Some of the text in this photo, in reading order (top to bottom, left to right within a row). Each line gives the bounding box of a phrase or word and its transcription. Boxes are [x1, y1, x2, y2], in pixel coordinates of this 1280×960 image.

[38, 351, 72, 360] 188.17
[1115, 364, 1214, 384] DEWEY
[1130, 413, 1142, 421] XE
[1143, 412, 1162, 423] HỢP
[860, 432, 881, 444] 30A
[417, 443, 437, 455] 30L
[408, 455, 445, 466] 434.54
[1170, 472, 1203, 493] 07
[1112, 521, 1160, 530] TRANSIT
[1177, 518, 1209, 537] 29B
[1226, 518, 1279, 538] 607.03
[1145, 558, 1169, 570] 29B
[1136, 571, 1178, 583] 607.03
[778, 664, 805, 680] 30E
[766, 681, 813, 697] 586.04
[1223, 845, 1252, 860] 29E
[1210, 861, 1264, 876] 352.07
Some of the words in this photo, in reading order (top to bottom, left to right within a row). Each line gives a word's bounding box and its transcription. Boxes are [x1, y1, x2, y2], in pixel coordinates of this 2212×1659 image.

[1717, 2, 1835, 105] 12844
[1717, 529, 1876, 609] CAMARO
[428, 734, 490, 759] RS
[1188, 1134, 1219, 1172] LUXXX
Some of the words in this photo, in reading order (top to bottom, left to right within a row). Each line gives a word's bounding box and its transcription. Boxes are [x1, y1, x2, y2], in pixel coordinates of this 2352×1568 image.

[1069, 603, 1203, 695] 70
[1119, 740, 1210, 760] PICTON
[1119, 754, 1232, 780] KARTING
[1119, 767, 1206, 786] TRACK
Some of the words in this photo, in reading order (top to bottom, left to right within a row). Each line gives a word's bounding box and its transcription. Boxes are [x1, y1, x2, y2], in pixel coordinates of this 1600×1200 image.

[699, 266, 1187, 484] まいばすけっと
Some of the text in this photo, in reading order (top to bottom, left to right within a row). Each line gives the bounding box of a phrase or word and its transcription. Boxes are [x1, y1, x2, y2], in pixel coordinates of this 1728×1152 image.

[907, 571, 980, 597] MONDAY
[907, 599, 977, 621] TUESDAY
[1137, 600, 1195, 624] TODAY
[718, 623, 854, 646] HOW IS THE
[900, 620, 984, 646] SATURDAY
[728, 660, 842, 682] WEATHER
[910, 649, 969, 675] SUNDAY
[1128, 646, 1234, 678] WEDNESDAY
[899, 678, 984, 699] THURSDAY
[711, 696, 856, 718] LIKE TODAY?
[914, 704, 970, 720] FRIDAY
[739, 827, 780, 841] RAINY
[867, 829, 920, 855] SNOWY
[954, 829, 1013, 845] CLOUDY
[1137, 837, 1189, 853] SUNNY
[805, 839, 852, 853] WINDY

▶ **Exercise**: Print each line of the data exactly as it was written.

▶ **Answer space**:
Some of the text in this photo, in reading order (top to bottom, left to right within a row). Each line gives the bounding box of a phrase or word and its transcription. Boxes are [x1, y1, x2, y2], in pixel coordinates of this 1280×960 image.

[38, 351, 72, 360] 188.17
[1115, 364, 1214, 384] DEWEY
[1130, 413, 1142, 421] XE
[1143, 412, 1162, 423] HỢP
[860, 432, 881, 444] 30A
[417, 443, 437, 455] 30L
[408, 455, 445, 466] 434.54
[1170, 472, 1203, 493] 07
[1112, 521, 1160, 530] TRANSIT
[1177, 518, 1209, 537] 29B
[1226, 518, 1279, 538] 607.03
[1145, 558, 1169, 570] 29B
[1136, 571, 1178, 583] 607.03
[778, 664, 805, 680] 30E
[766, 681, 813, 697] 586.04
[1223, 845, 1252, 860] 29E
[1210, 861, 1264, 876] 352.07
Some of the words in this photo, in reading order (top to bottom, left to right within a row). Each line gives a word's bounding box and its transcription. Boxes are [x1, y1, x2, y2], in pixel coordinates of this 2212×1659 image.

[1717, 2, 1835, 105] 12844
[1717, 529, 1876, 609] CAMARO
[428, 734, 490, 759] RS
[1188, 1134, 1219, 1172] LUXXX
Some of the words in this photo, in reading order (top to bottom, left to right within a row). Each line gives a word's bounding box and its transcription. Boxes are [x1, y1, x2, y2], in pixel coordinates of this 2352×1568 image.

[1069, 603, 1203, 695] 70
[1119, 740, 1210, 760] PICTON
[1119, 754, 1232, 780] KARTING
[1119, 767, 1206, 786] TRACK
Some of the words in this photo, in reading order (top to bottom, left to right within a row). Each line gives a word's bounding box and its transcription. Boxes are [x1, y1, x2, y2], in pixel coordinates of this 1600×1200 image.

[699, 266, 1187, 484] まいばすけっと
Some of the text in this photo, in reading order (top to bottom, left to right within a row). Each line gives the bounding box of a phrase or word and its transcription. Boxes are [x1, y1, x2, y2], in pixel coordinates of this 1728×1152 image.

[907, 571, 980, 597] MONDAY
[907, 599, 977, 621] TUESDAY
[1137, 600, 1195, 624] TODAY
[718, 623, 854, 646] HOW IS THE
[900, 620, 984, 646] SATURDAY
[728, 660, 842, 682] WEATHER
[910, 649, 969, 675] SUNDAY
[1128, 646, 1234, 678] WEDNESDAY
[899, 678, 984, 699] THURSDAY
[711, 696, 856, 718] LIKE TODAY?
[914, 704, 970, 720] FRIDAY
[739, 827, 780, 841] RAINY
[867, 829, 920, 855] SNOWY
[954, 829, 1013, 845] CLOUDY
[1137, 837, 1189, 853] SUNNY
[805, 839, 852, 853] WINDY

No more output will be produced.